I just think he’s the whole package. To me, he’s the best of what the field is. He’s the best of what the field aspires to be.

He’s so smart! He’s just so smart. And kind. You get a sense that he’s there for you, he’s not there for his own self.

He can stir up a system in the way it needs to be. He really is about creating change. There’s no task too big or too small. And he does it all with the grace and approach and elegance.

I’ve used him as kind of an extender of our staff competencies when either the work was so strategic, or so political, or so charged, or so difficult that it really required someone of his stature and capacity to manage. I bring him in to take on the most strategic, difficult clients.

I asked Daniel to be there, knowing I could rely on him – knowing he can read the room, he can read the need of the client, he can go in there and assess. He never compromises the integrity of the project or the initiative. He can be strategic, and he can also be extremely tactical. He can think at the highest level and go right down to the nitty-gritty of what has to be done to get things operationally moved along. He comes at the work where the work dictates what needs to be done – not his own ego.

Daniel has an uncanny capacity to take a whole range of ideas in a room, find the common ground, and synthesize them into a theme. In a group of 400 people, he can get all the data, put it together, it shows up on the screen, and he puts out a summary of what it adds up to that’s sharp, focused, insightful, and gives people a way to move to next steps. His diagnostic capacity is magnificent. And he moves beautifully between the interpersonal, the structural, and the personal. He can work in all realms.

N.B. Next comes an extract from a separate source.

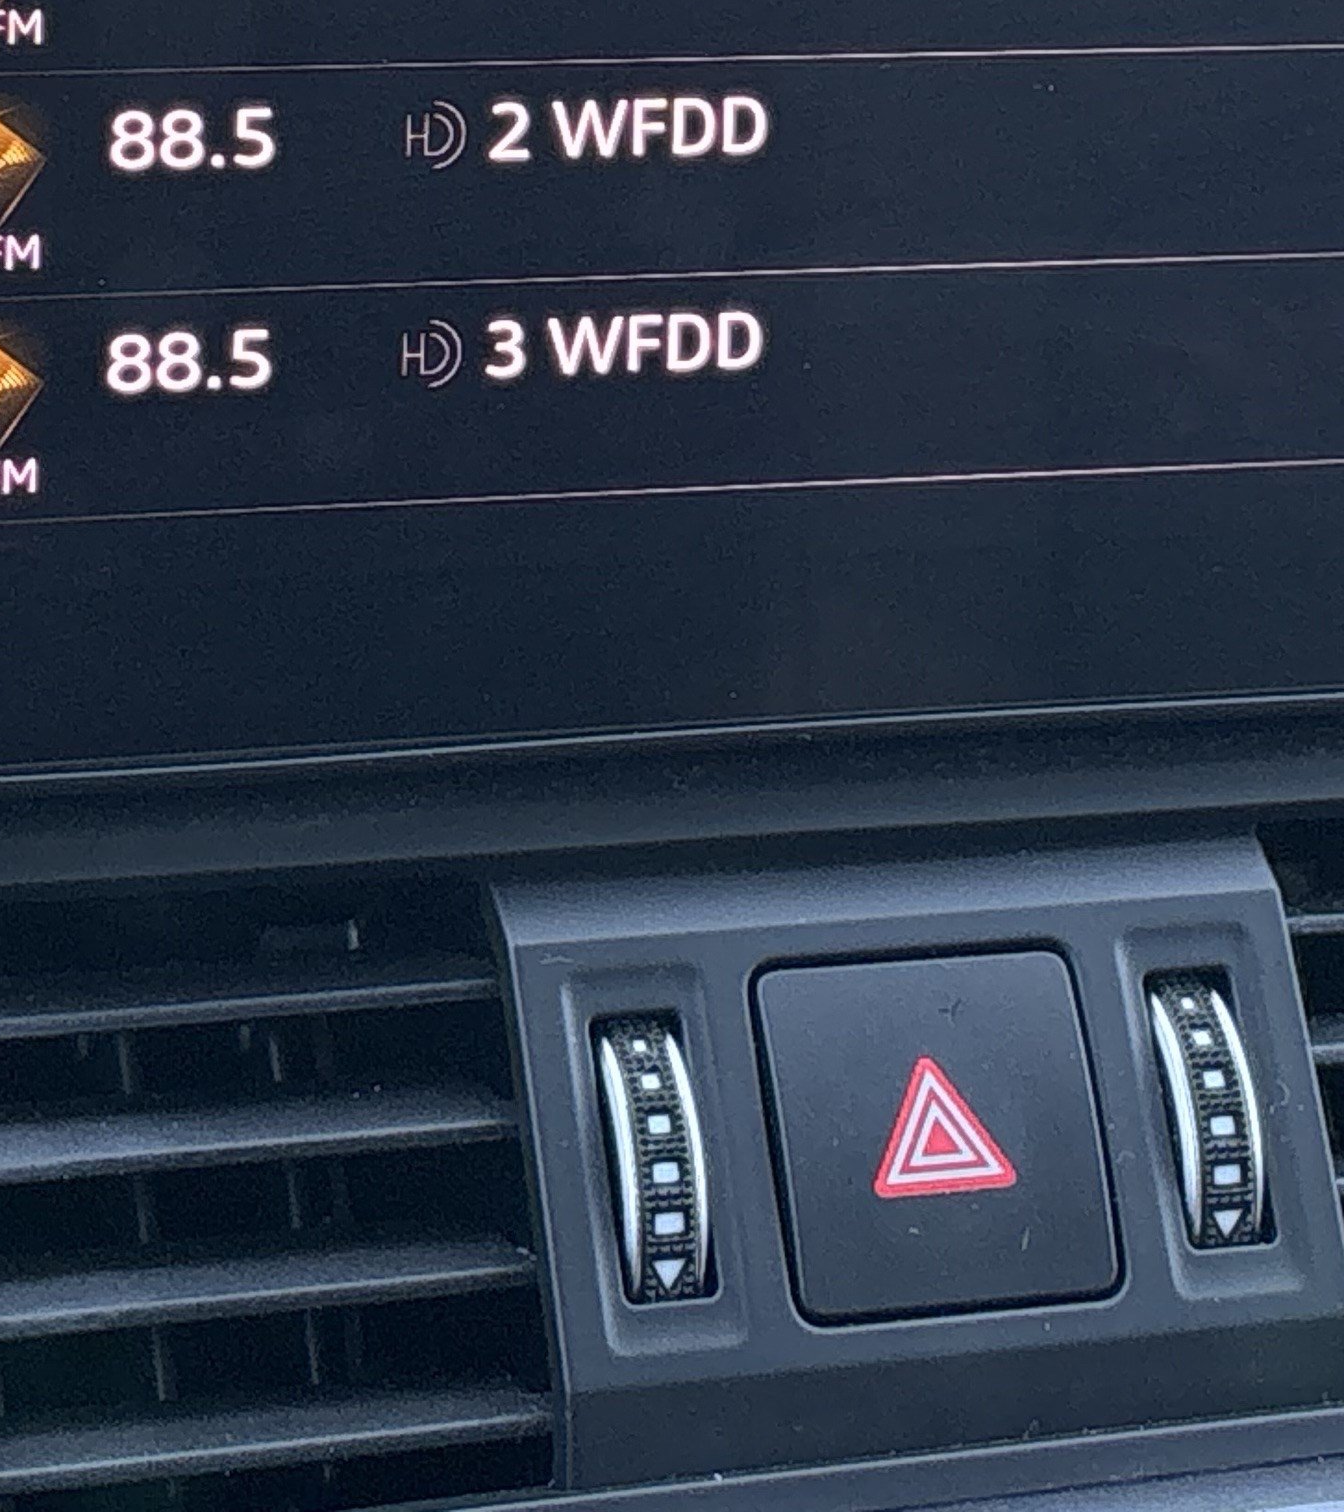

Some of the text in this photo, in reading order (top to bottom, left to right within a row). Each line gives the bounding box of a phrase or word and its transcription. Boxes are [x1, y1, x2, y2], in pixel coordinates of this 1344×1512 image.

He’s highly efficient and highly focused. And he’s highly organized and structured, so there’s always a framework, but it’s a framework that comes out of the data rather than out of his own theories. That’s what’s different about Daniel and other consultants. Others come in, they have the answer before you have the question. Daniel lets it emerge from you, the client, and then finds the right intervention that’s customized to your need.

I love tossing ideas around with him and designing together with him. He finds a way to work, to partner with you as a colleague. I can throw an idea out, and Daniel finds a way to put shape and structure to it. I can do what I do best, which is really be a visionary, to think and just dream. And he’ll lasso it right down into a strategy.

And with others who are very good with data and detail, I’ve seen him do the exact opposite, where he moves them to what does this mean for next step? He’s always challenging you to go next step, next step, next step. On the ground implementation.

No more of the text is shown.